We’ve launched an occasional series about sports fans. The working title was Proxy, but we’ve settled for the less pretentious Who’s There?
The idea is to dig a bit deeper in to how sport views the people they think are their customers. Like you, I hear from a lot of people selling variations of fan engagement data models, the promise of which is to improve our knowledge, understanding and ability to sell stuff to sports fans.
But I wanted to pan out a bit, and ask how we got to where we are now, which is why I sought the views of Matt Locke, who is a bloody genius at getting to first principles when it comes to understanding media audiences.
Matt wrote a series of essays called How To Measure Ghosts, which is essential reading for anyone with ‘fan insight’ in their job title, because it is the 100 year story of audience measurement.
In the early twentieth century, the invention of radio broadcast networks (and the telephone services that preceded them) created a fascinating new problem for cultural entrepreneurs - how do you measure invisible audiences? If you don’t have a tangible connection with them, through ticket sales, or by being in the same room as them, how can you tell how many people are listening or viewing? The last 100 years have been a journey to see how to measure ghosts - how to measure the invisible audiences at the end of technological distribution networks. With every decade, these ghosts have come more and more into focus, ending with a the last ten years of social media and digital advertising that has created unimaginable amounts of data about everything we see, read, click and like.
Within the story there’s a cast of characters whose names will be familiar, in particular the way Matt compares the lives of Arthur J Nielsen and George Gallup, the former of which he describes as “one of the most influential and under-studied figures of the twentieth century”. Nielsen once said to his son ‘If you can put a number on it, then you know something’, which could be the brand strapline of every sports data and insight startup from Shoreditch to Brooklyn.

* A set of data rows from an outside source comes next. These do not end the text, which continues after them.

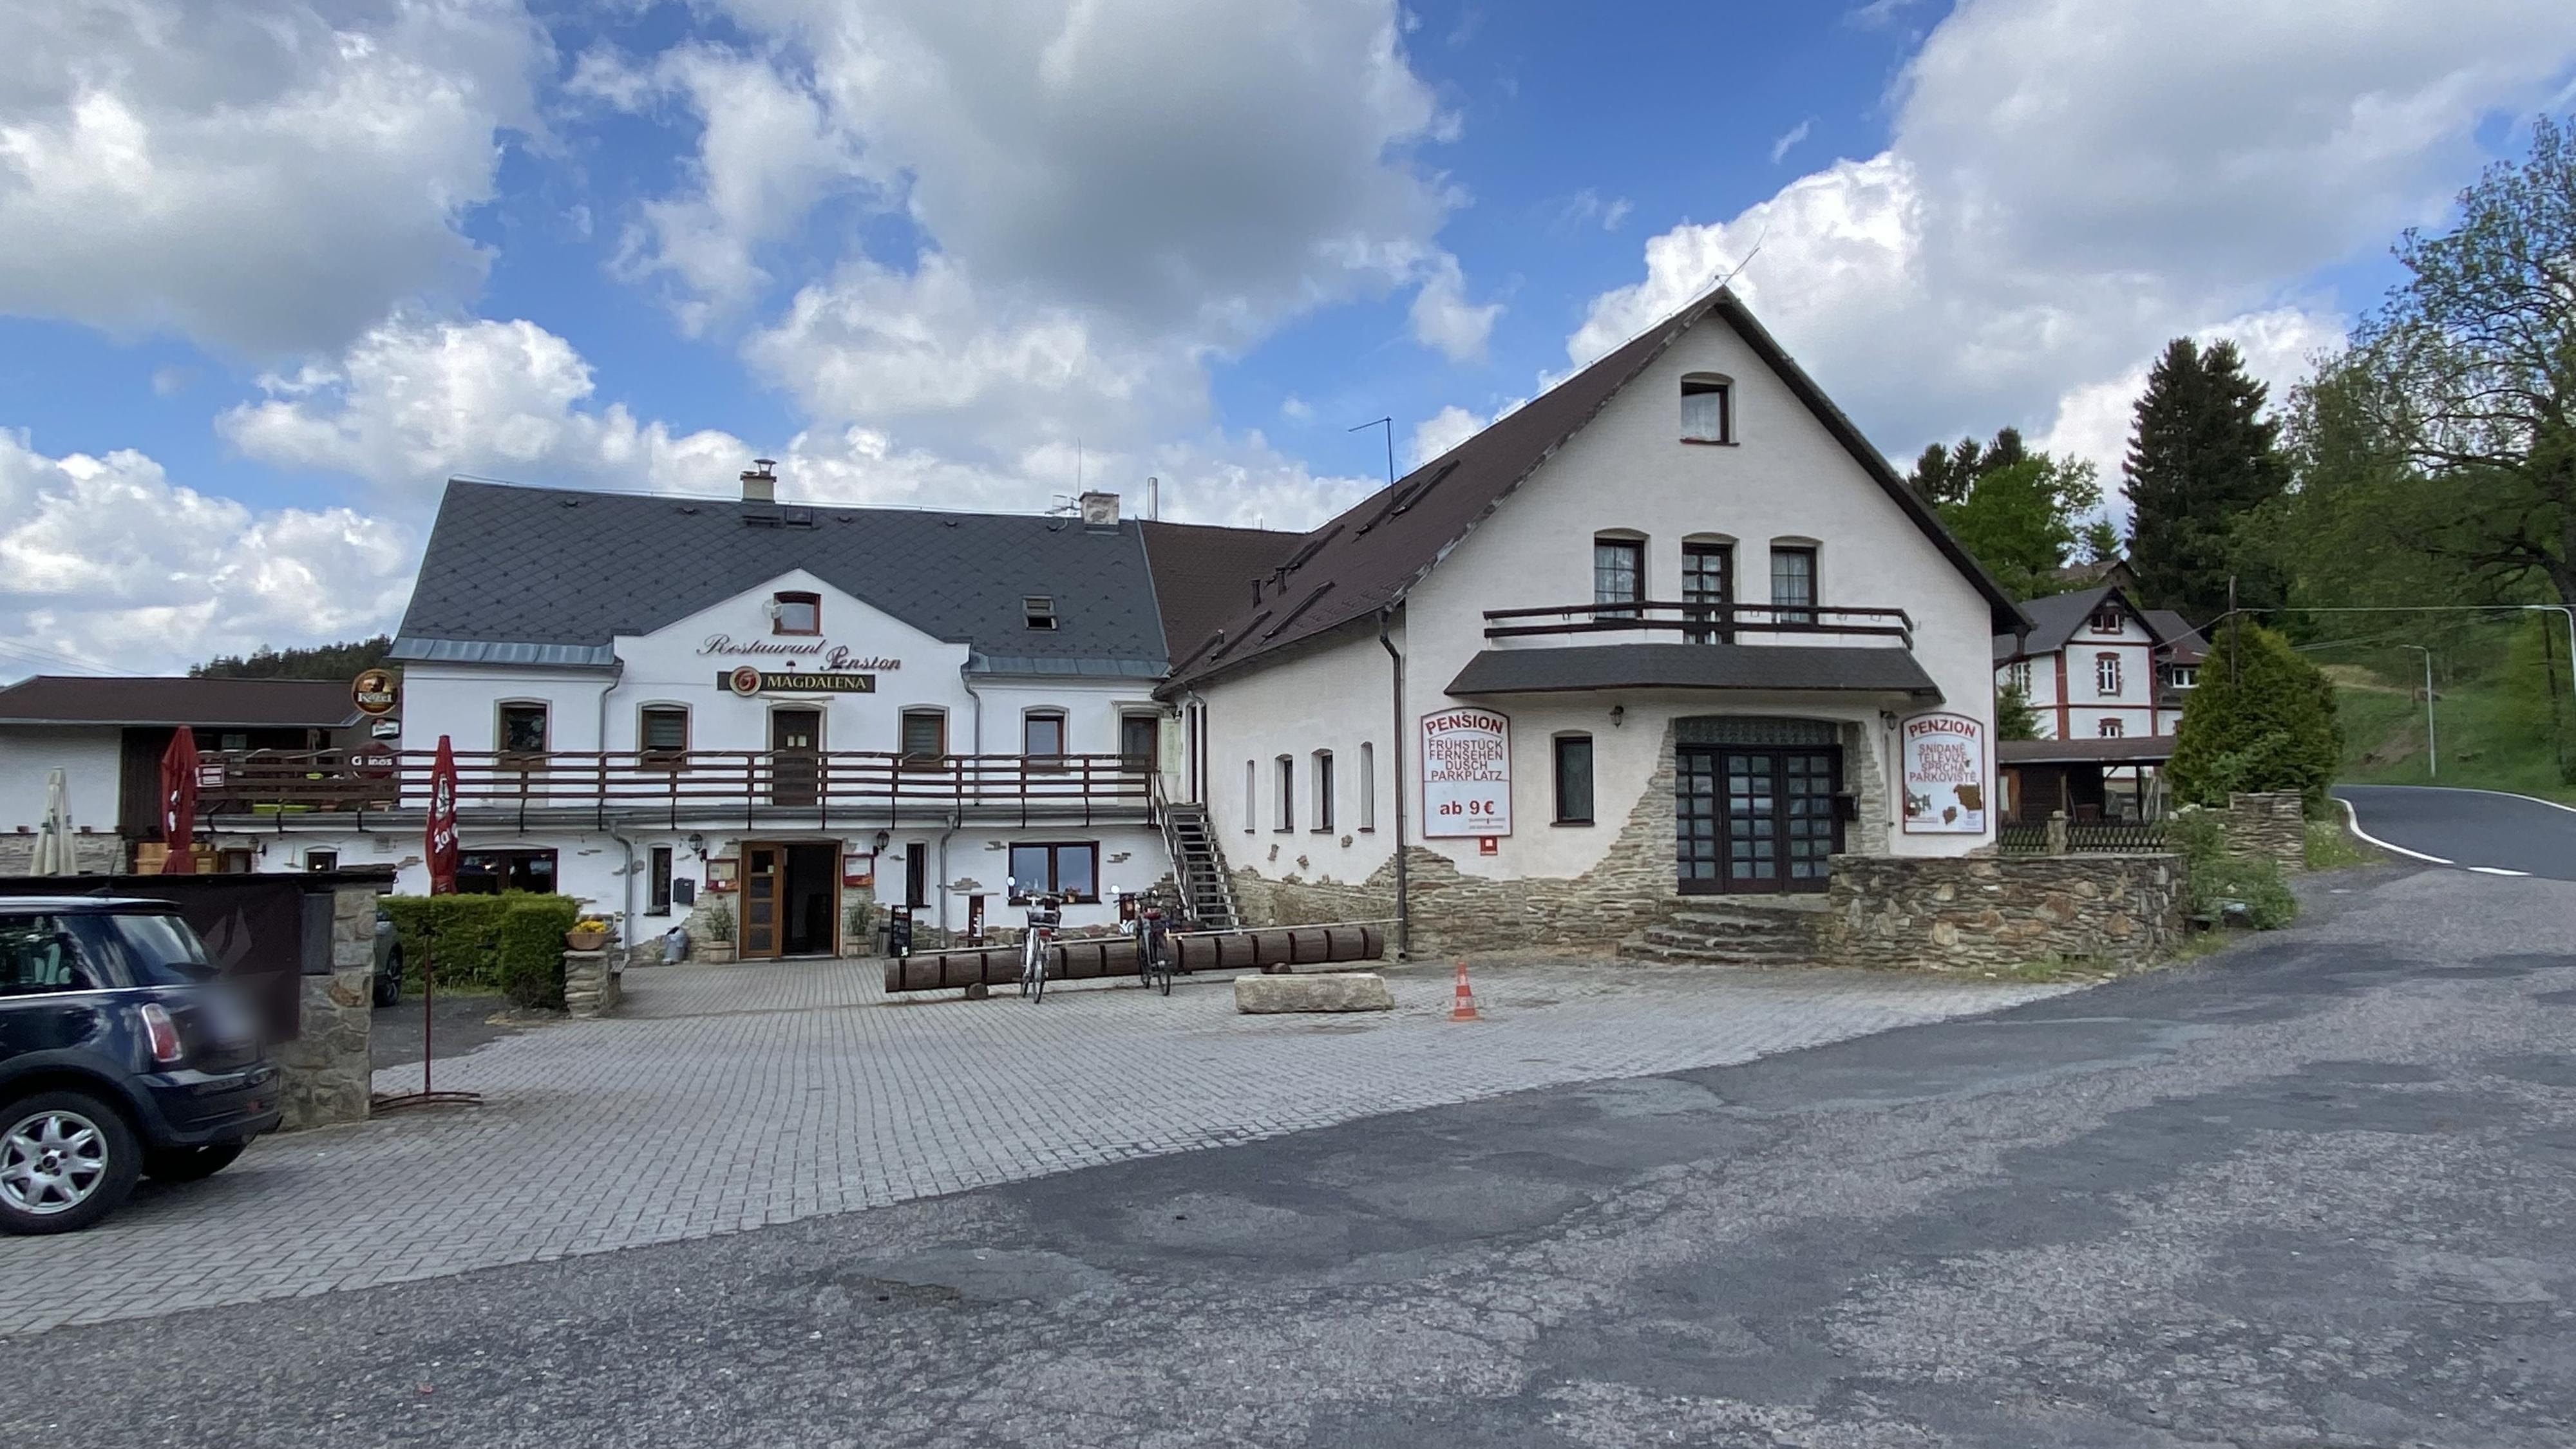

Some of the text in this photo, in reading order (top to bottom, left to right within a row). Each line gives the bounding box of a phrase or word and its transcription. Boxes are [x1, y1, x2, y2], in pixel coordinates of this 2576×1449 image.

[696, 634, 827, 656] Restaurant
[819, 645, 902, 672] Pension
[767, 675, 866, 690] MAGDALENA
[1909, 719, 1976, 738] PENZION
[1429, 750, 1503, 761] FERNSEHEN
[1445, 761, 1488, 770] DUSCH
[1921, 762, 1964, 773] SPRCHA
[1431, 770, 1502, 781] PARKPLATZ
[1440, 800, 1463, 816] ab

Caption: Arthur J Nielsen’s Audimeter which measured radio audiences via time-stamped marks in a slowly revolving roll of paper tape, he started the process of turning audiences into numbers. Rather than relying on what we say we listen to when interviewed by a researcher, Nielsen had actual data about what we do, driven by each turn of the radio dial.
…in the stories of Arthur C Nielsen and George Gallup, we have two pioneers of audience measurement. One focused on measuring our behaviour, the other on our feelings and opinions. There are remarkable similarities in their lives - they both created companies that bore their names and became bywords for their industry - the Gallup poll and Nielsen ratings. They were both born at the turn of the 20th Century - Nielsen in 1897 and Gallup in 1901, and both died in the 1980s, just as computers were ushering in the Information Age that there work had laid so much of the groundwork for.They each represent a different path for audience measurement in the last 100 years, one on behavioural data, and one on audience opinions. Between them, they invented techniques to measure everything we do, and everything we feel. I have a sense that telling the stories of their parallel lives will be a great lens to tell the history of audience metrics. The process of measuring what we do and what we feel were separate for much of the last 100 years, and this separation is perfectly represented in the lives of Gallup and Nielsen.

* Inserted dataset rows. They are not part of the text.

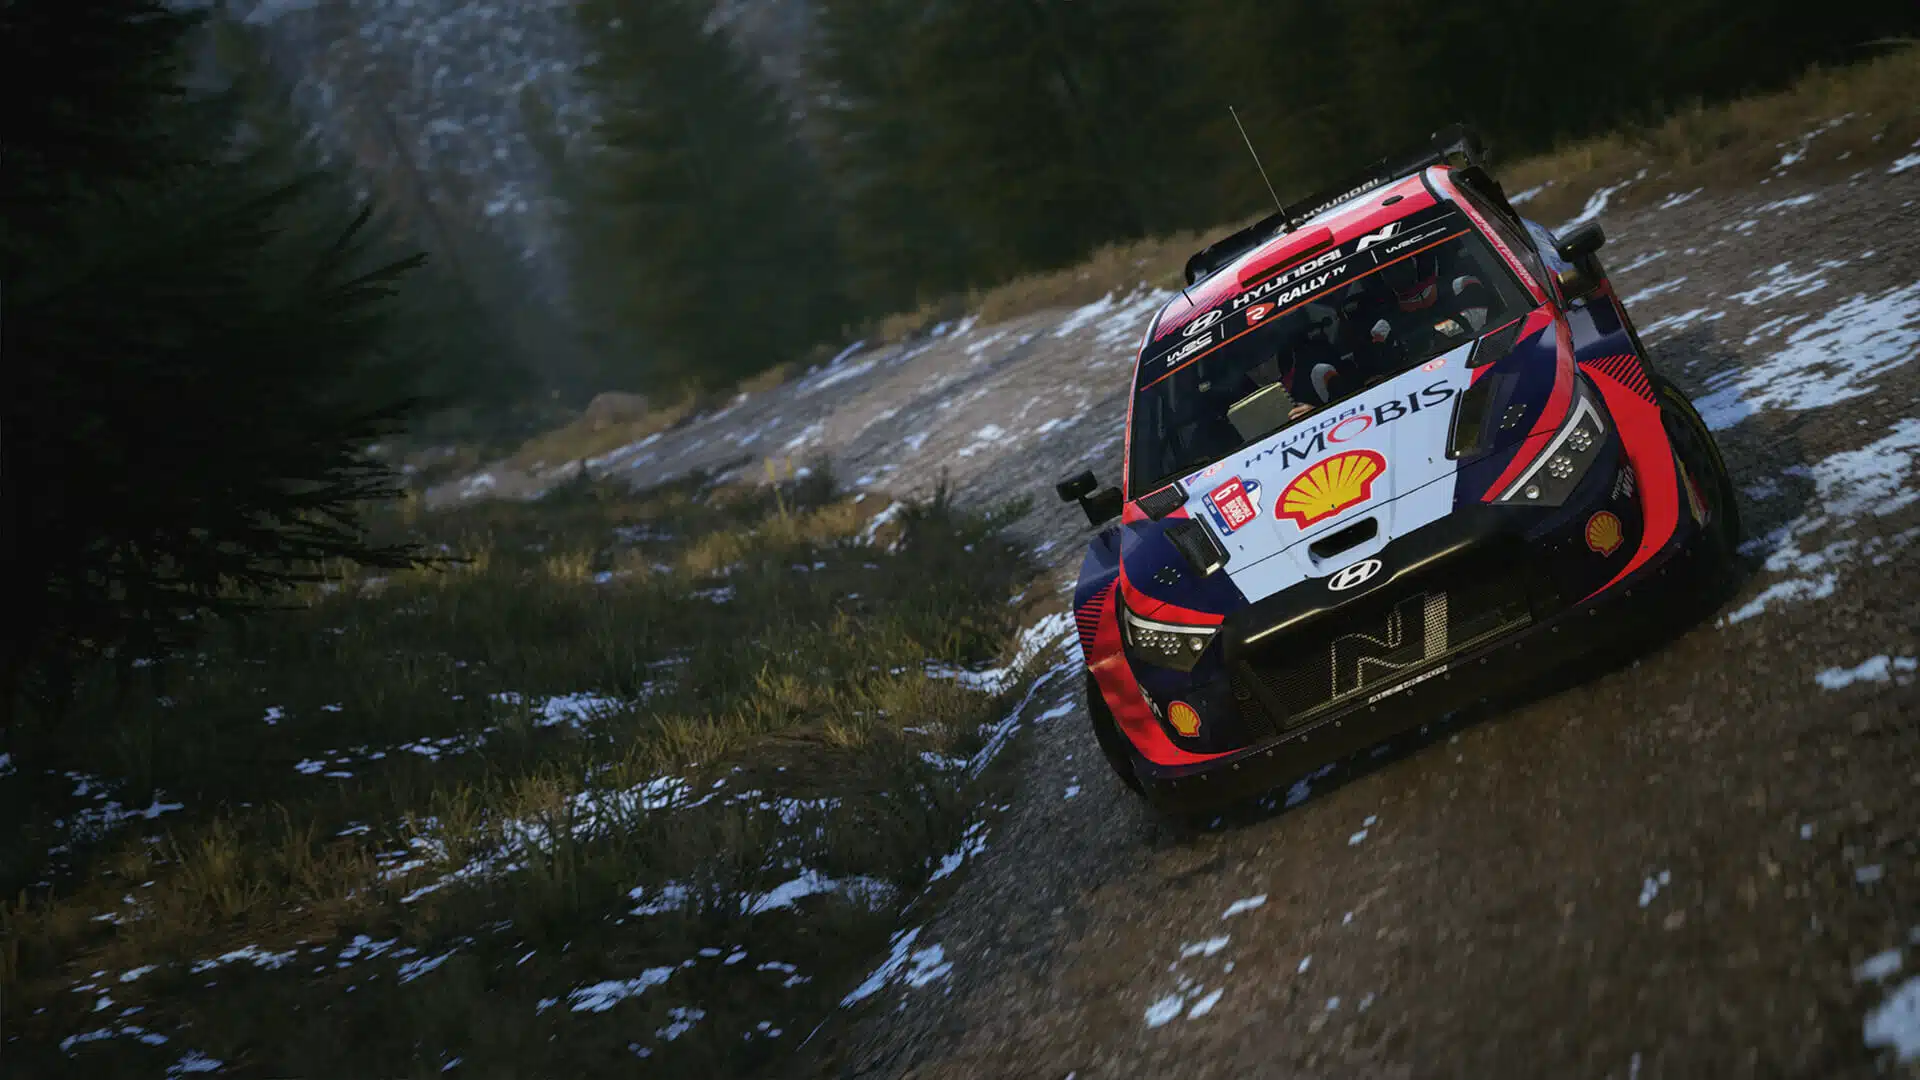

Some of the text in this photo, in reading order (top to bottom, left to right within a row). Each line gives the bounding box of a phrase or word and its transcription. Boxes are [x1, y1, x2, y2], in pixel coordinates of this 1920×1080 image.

[1303, 178, 1379, 219] HYUNDAI
[1385, 234, 1423, 254] WRC
[1233, 249, 1342, 309] HYUNDAI
[1277, 272, 1330, 307] RALLY
[1245, 404, 1365, 468] HYUNDAI
[1281, 379, 1455, 470] MOBIS
[1214, 483, 1239, 501] 6

From Nielsen and Gallup to Zuckerberg. Neat no?
Arthur C Nielsen died in June 1980, and Gallup in July 1984. Just a couple of months earlier, in May 1984, Mark Zuckerberg was born, the person who would, by connecting the Facebook social graph to the like button, bring the two worlds of Nielsen and Gallup crashing together and turn Facebook into the ultimate store of data on everything we do, and everything we feel.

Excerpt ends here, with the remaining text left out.